The Bankruptcy Court has granted first- and second-day motions filed by us that were designed primarily to mitigate the impact of the Chapter 11 Cases on our operations, customers and employees. As a result, we are able to conduct normal business activities and pay all associated obligations for the period following the Bankruptcy Filing and are authorized to pay owner royalties, employee wages and benefits and certain vendors and suppliers in the ordinary course for goods and services provided. During the pendency of the Chapter 11 Cases, all transactions outside the ordinary course of business require the prior approval of the Bankruptcy Court.
For the duration of the Chapter 11 Cases, our operations and ability to develop and execute our business plan are subject to the risks and uncertainties associated with the Chapter 11 process as described in "Risk Factors" in Item 1A. of our Annual Report on Form 10-K for the year ended December 31, 2020. As a result of these risks and uncertainties, the number of our shares of common stock and stockholders, assets, liabilities, officers and/or directors could be significantly different following the outcome of the Chapter 11 Cases, and the description of our operations, properties and capital plans included in this Form 10-Q may not accurately reflect our operations, properties and capital plans following the Chapter 11 Cases.
During the Chapter 11 Cases, we expect our financial results to continue to be volatile as restructuring activities and expenses, contract terminations and rejections and claims assessments significantly impact our consolidated financial statements.
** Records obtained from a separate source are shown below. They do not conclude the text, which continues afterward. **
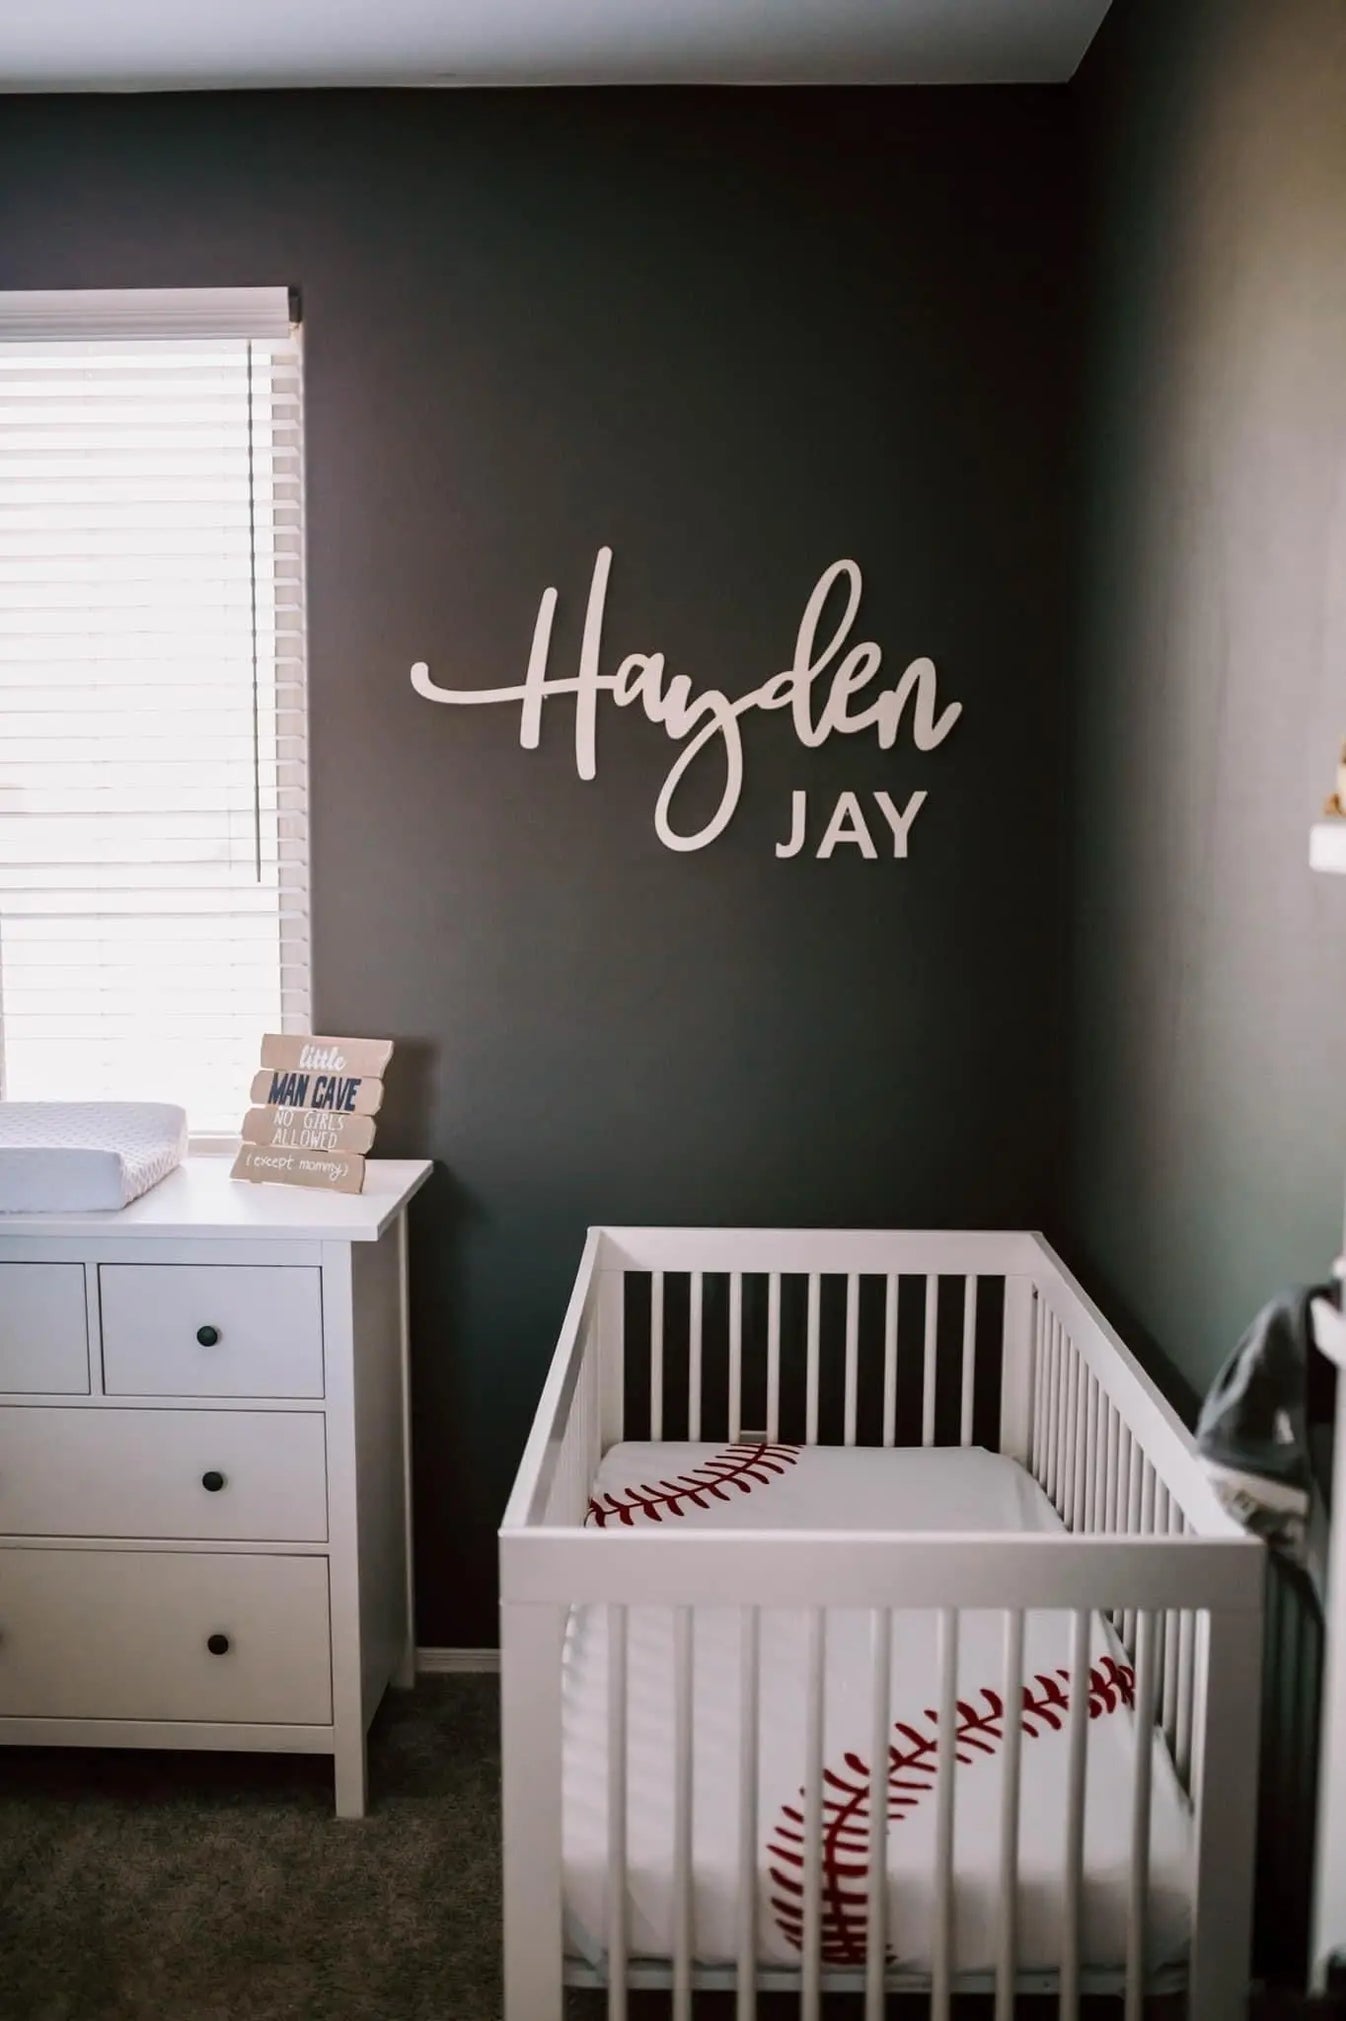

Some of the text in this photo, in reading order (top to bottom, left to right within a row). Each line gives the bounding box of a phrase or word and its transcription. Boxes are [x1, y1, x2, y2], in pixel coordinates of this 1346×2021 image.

[411, 546, 963, 852] Hayden
[775, 790, 928, 859] JAY
[299, 1044, 346, 1071] little
[268, 1072, 362, 1112] MAN CAVE
[273, 1110, 344, 1131] NO GIRLS
[272, 1129, 338, 1149] ALLOWED
As a result, our historical financial performance is likely not indicative of our financial performance after the date of the Bankruptcy Filing. In addition, we have incurred significant professional fees and other costs in connection with the Chapter 11 Cases and expect that we will continue to incur significant professional fees and costs throughout our Chapter 11 Cases until emergence.
See Note 2 of the notes to our consolidated financial statements included in Item 8 of Part II of this report for a complete discussion of the Chapter 11 Cases.
Delisting of our Common Stock from Nasdaq
On November 27, 2020, our common stock was suspended from trading on NASDAQ. On November 30, 2020, our common stock began trading on the OTC Pink Marketplace maintained by the OTC Markets Group, Inc. under the symbol “GPORQ". On February 2, 2021, NASDAQ filed a Form 25 delisting our common stock from trading on NASDAQ, which delisting became effective 10 days after the filing of the Form 25. In accordance with Rule 12d2-2 of the Securities Exchange Act of 1934, as amended (the "Exchange Act"), the de-registration of our common stock under section 12(b) of the Exchange Act became effective on February 12, 2021.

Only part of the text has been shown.